Abstract

1940–2018
After a short illness, at the age of just 78, on 13th November 2018, the community of teachers of public administration lost one of its leading lights. The contribution of Jens Carl Ry Nielsen to the development of pedagogy for public administration and practitioner development, and perhaps especially his innovative work on one of the foremost European MPA programmes at Copenhagen Business School, merits a special place in the modern history of the discipline.
Ry, as most of his many friends knew him, was born in Horsens, a provincial town in Jutland, on 18th February 1940. After graduation, he commenced a career in the military services, learning Russian and working for three years as a language officer in military intelligence before accepting a Research Assistantship in the Department of Organization and Industrial Sociology at Copenhagen Business School. On completion of an additional MA in Economics in 1968, he was appointed to a Research Fellowship at CBS and then, two years later, to an Associate Professorship. He remained a member of the CBS faculty for the next 47 years before becoming an Emeritus Professor in 2017.
Ry’s key research contributions centred, on the one hand, on leadership/management and organizational change, particularly in the public sector, and, on the other, on pedagogy for mid-career practitioners on postgraduate programmes. He published chapters in five books and authored some 50 articles in scholarly journals. Furthermore, he held visiting professorships at the School of Management, Buffalo, USA (1971–1972); at Aalborg University, Denmark (1977–1978) and at Kristiansand University College, Norway (1991–1996, part-time).
His contribution to the development, management and teaching of the MPA Programme at CBS – from 1994 to 2018 (including the establishment of equivalent programmes in Krakow, Poland and in Trondheim, Norway) – established Ry’s outstanding reputation in the field of education and training. In addition, he played a leading role from 1994 to 2006 in running the international summer school on public administration held annually in Krakow, Poland.
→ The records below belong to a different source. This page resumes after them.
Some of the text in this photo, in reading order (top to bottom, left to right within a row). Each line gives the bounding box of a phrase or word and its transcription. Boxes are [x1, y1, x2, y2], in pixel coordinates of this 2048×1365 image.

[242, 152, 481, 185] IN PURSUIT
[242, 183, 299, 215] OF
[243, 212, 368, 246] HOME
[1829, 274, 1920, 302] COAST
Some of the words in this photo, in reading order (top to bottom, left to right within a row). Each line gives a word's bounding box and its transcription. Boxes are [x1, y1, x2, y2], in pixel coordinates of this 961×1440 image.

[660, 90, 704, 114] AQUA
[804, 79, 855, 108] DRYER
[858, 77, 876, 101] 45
Indeed, through his inspirational teaching and pioneering of new approaches in the development of mid-career practitioners, Ry became a beacon within management education and was recognized as such through the award of two pedagogical prizes.
More than all this, a key legacy of Ry’s contribution to the discipline is the annual workshop on teaching public administration to mid-career practitioners (TPAM) that he launched in 1998 (initially under the title of ‘The Copenhagen Forum’ because CBS was the venue for several of the early workshops) which, as the founder always intended, takes place in a different European city each year. With contagious energy and passion, Ry was able in these workshops to combine productivity and focus with an ethos of informality, enthusiasm and good humour. In 2016, some 18 years after convening the first such workshop, Ry, together with workshop colleagues and friends, took stock of the development, character and accomplishments of these workshops and of the associated output in what was to be his final publication 1 .
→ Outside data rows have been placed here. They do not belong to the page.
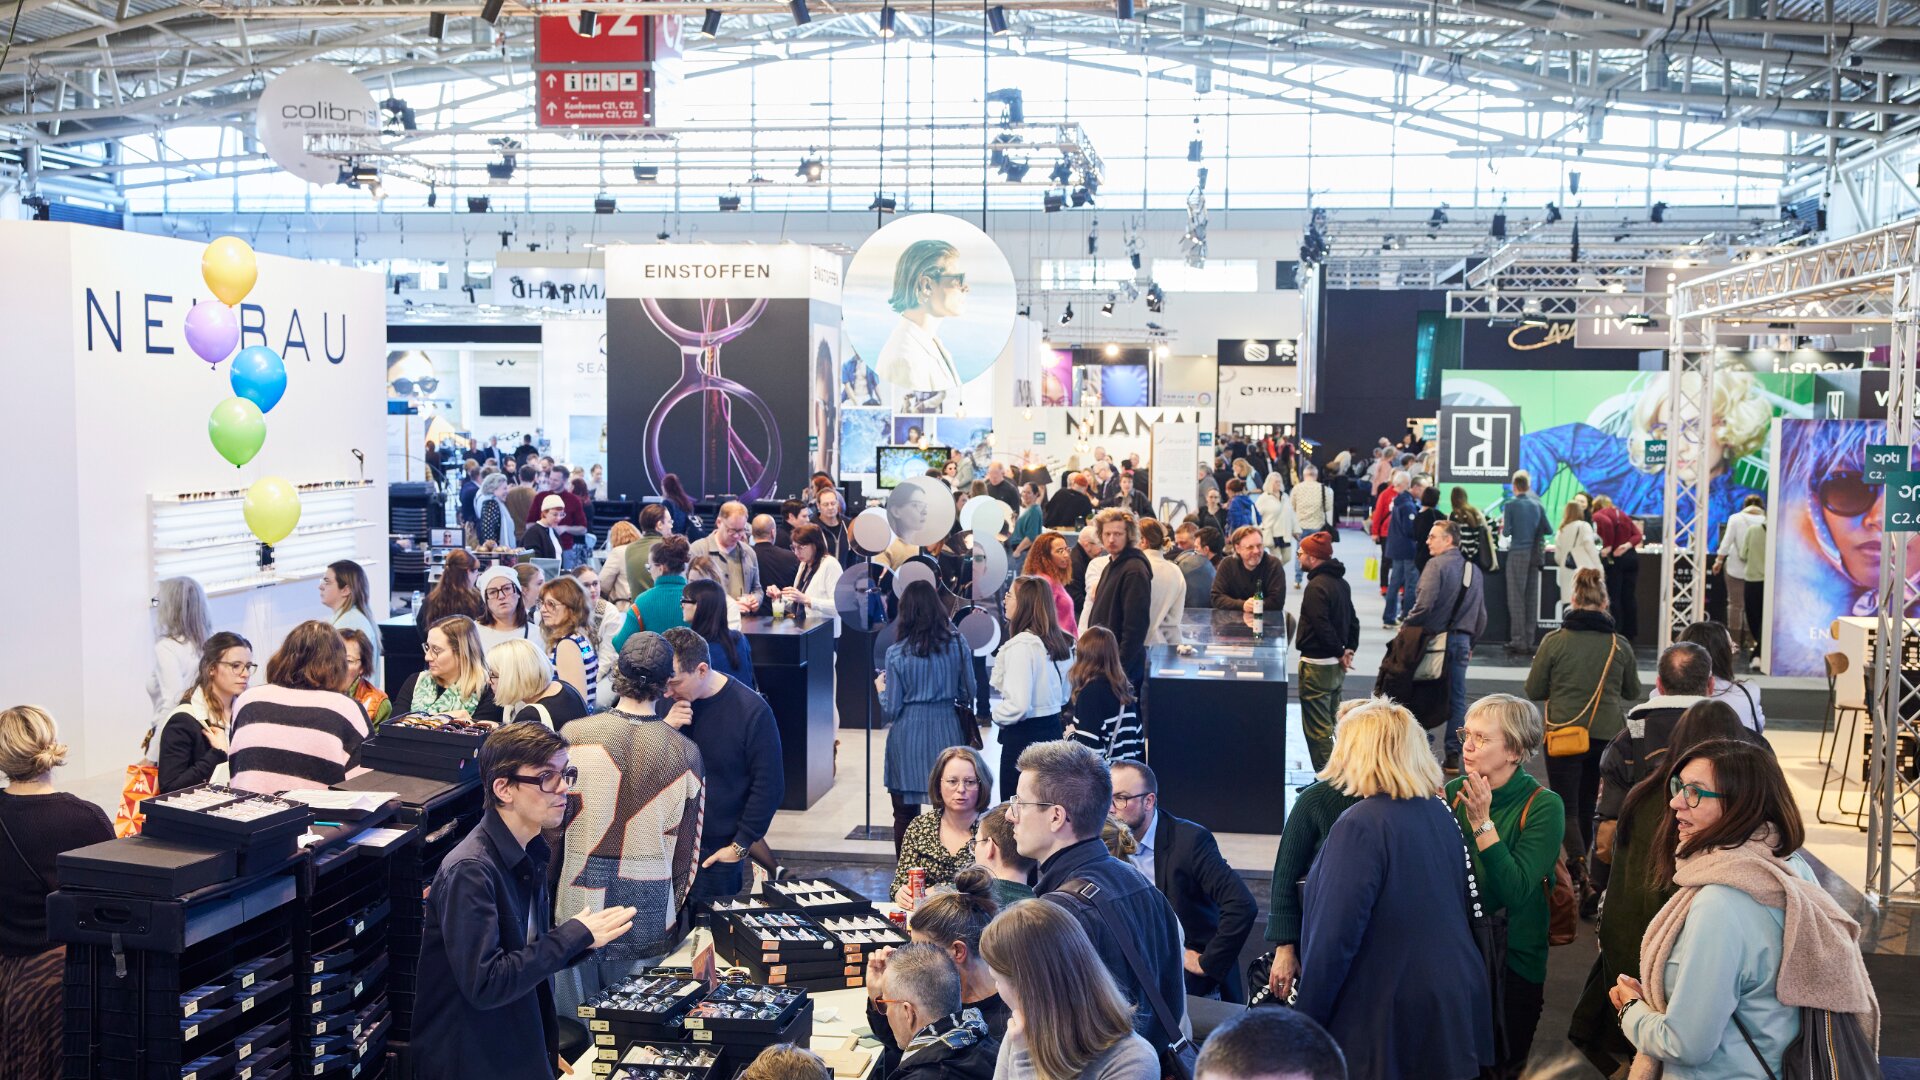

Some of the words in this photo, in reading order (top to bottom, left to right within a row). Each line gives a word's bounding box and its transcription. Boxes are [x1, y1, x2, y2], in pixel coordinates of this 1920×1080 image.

[282, 101, 367, 123] colibri
[563, 101, 601, 111] Konferenz
[602, 101, 618, 111] C21,
[619, 101, 635, 110] C22
[563, 110, 604, 119] Conference
[605, 110, 621, 120] C21,
[622, 110, 638, 119] C22
[644, 263, 771, 279] EINSTOFFEN
[512, 282, 606, 300] CHARM
[85, 286, 346, 365] NEBAU
[1872, 451, 1900, 466] opti
[1451, 469, 1484, 477] VARIATION
[1868, 470, 1886, 480] C2.
Above all, however, as everyone who ever met him will agree, behind his very Danish forthright demeanor, Ry was a thoroughly warm-hearted, loyal, caring and self-effacing individual who always made time for others. He was also a devoted family man and leaves two children (by his first wife, Lisbeth), 10 grandchildren, and Karen (his second wife of 32 years), with whom he particularly enjoyed travelling to different European capitals, going to concerts and the opera and visiting museums, art galleries and other such cultural centres.
Ry is greatly missed and fondly remembered as the enthusiastic teacher and inspirational mentor to generations of students and colleagues, the resourceful and influential scholar and the dear friend that he was to so many of us.